Friday, May 24, 2013

By Fire, By Water (a novel)

By Fire, By Water (a novel)

By Mitchell James Kaplan

<3 <3 <3 <3 <3

Summary: Luis de Santángel, chancellor to the court and longtime friend of the lusty King Ferdinand, has had enough of the Spanish Inquisition. As the power of Inquisitor General Tomás de Torquemada grows, so does the brutality of the Spanish church and the suspicion and paranoia it inspires. When a dear friend’s demise brings the violence close to home, Santángel is enraged and takes retribution into his own hands.  But he is from a family of conversos, and his Jewish heritage makes him an easy target. As Santángel witnesses the horrific persecution of his loved ones, he begins slowly to reconnect with the Jewish faith his family left behind. Feeding his curiosity about his past is his growing love for Judith Migdal, a clever and beautiful Jewish woman navigating the mounting tensions in Granada. While he struggles to decide what his reputation is worth and what he can sacrifice, one man offers him a chance he thought he’d lost…the chance to hope for a better world. Christopher Columbus has plans to discover a route to paradise, and only Luis de Santángel can help him.
   Within the dramatic story lies a subtle, insightful examination of the crisis of faith at the heart of the Spanish Inquisition. Irresolvable conflict rages within the conversos in By Fire, By Water, torn between the religion they left behind and the conversion meant to ensure their safety. In this story of love, God, faith, and torture, fifteenth-century Spain comes to dazzling, engrossing life.

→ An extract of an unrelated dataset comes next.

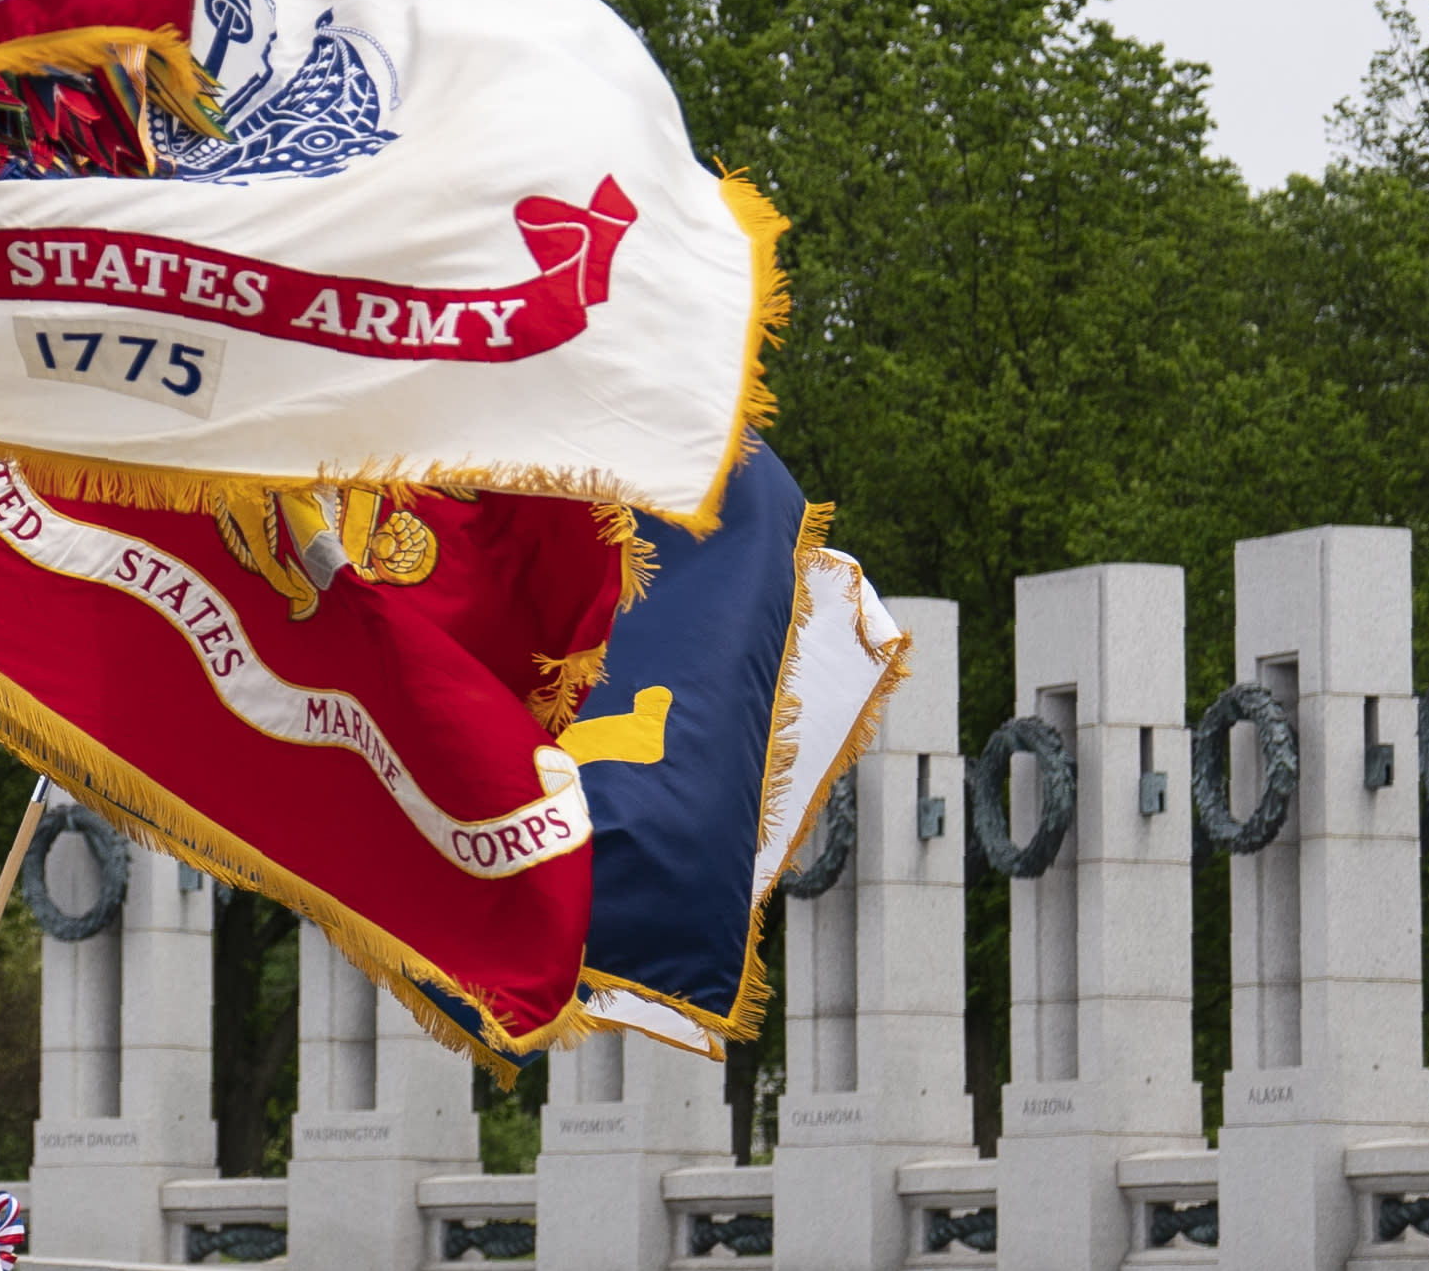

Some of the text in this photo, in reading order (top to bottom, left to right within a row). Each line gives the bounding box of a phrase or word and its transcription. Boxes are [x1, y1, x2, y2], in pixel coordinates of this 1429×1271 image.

Review: Santangel is the chancellor to the court of Queen Isabella and King Ferdinand in a time when it is dangerous to be a converso, (convert from Judaism to Christianity specifically Catholicism) he is a third generation convert to Christianity through the Catholic church in a time when the Catholic Church still holds great sway in the population's everyday lives, homes, and personal convictions. Santangel must take desperate measures to try to protect those he holds most dear from the prying eyes of the  new inquisition in Spain.

 While researching the the truth about his past one of Santangel's intimate friend's learns the cost of being on the wrong side of religion in Catholic ruled Spain.  Santangel mixes his family up in a plot that brings the head of the new inquisition to his door specifically Torquemada, who is a inquisitor investigating the murder of a high ranking official; this causes tragedies and inquiries to unfold that will change multiple families lives forever in numerous ways.  

Judith a young Jewish woman living in Ferdinand and Isabella's kingdom find's the courage to help raise her nephew and  take care of his grandfather, after tragedy strikes.  Judith also learns how to do metal work and thus keeps the family business going in a time when women were expected to stay behind the scenes and shows remarkable courage in stepping forward in a country where there was prejudice against both her sex, and her religious beliefs.  The twist and turns in her story alone could have made a book themselves. 

Christopher Colon (Columbus would be the more well known name) is also interwoven throughout the story as a sailor and at one point asks the royals for a grant to go to the new world.  He is also involved with some of the plotting / mapping that related to the Hebrew writing (on a map and scrolls) that was connected to Santangel's family being accused of heresy because of their converso background.

The entire novel fit together like a beautiful manuscript.  I read it in a day, and could not put it down.  I usually read books that have more female characters then male, however this book is easy to relate to, well put together and VERY easy to recommend.  I love it.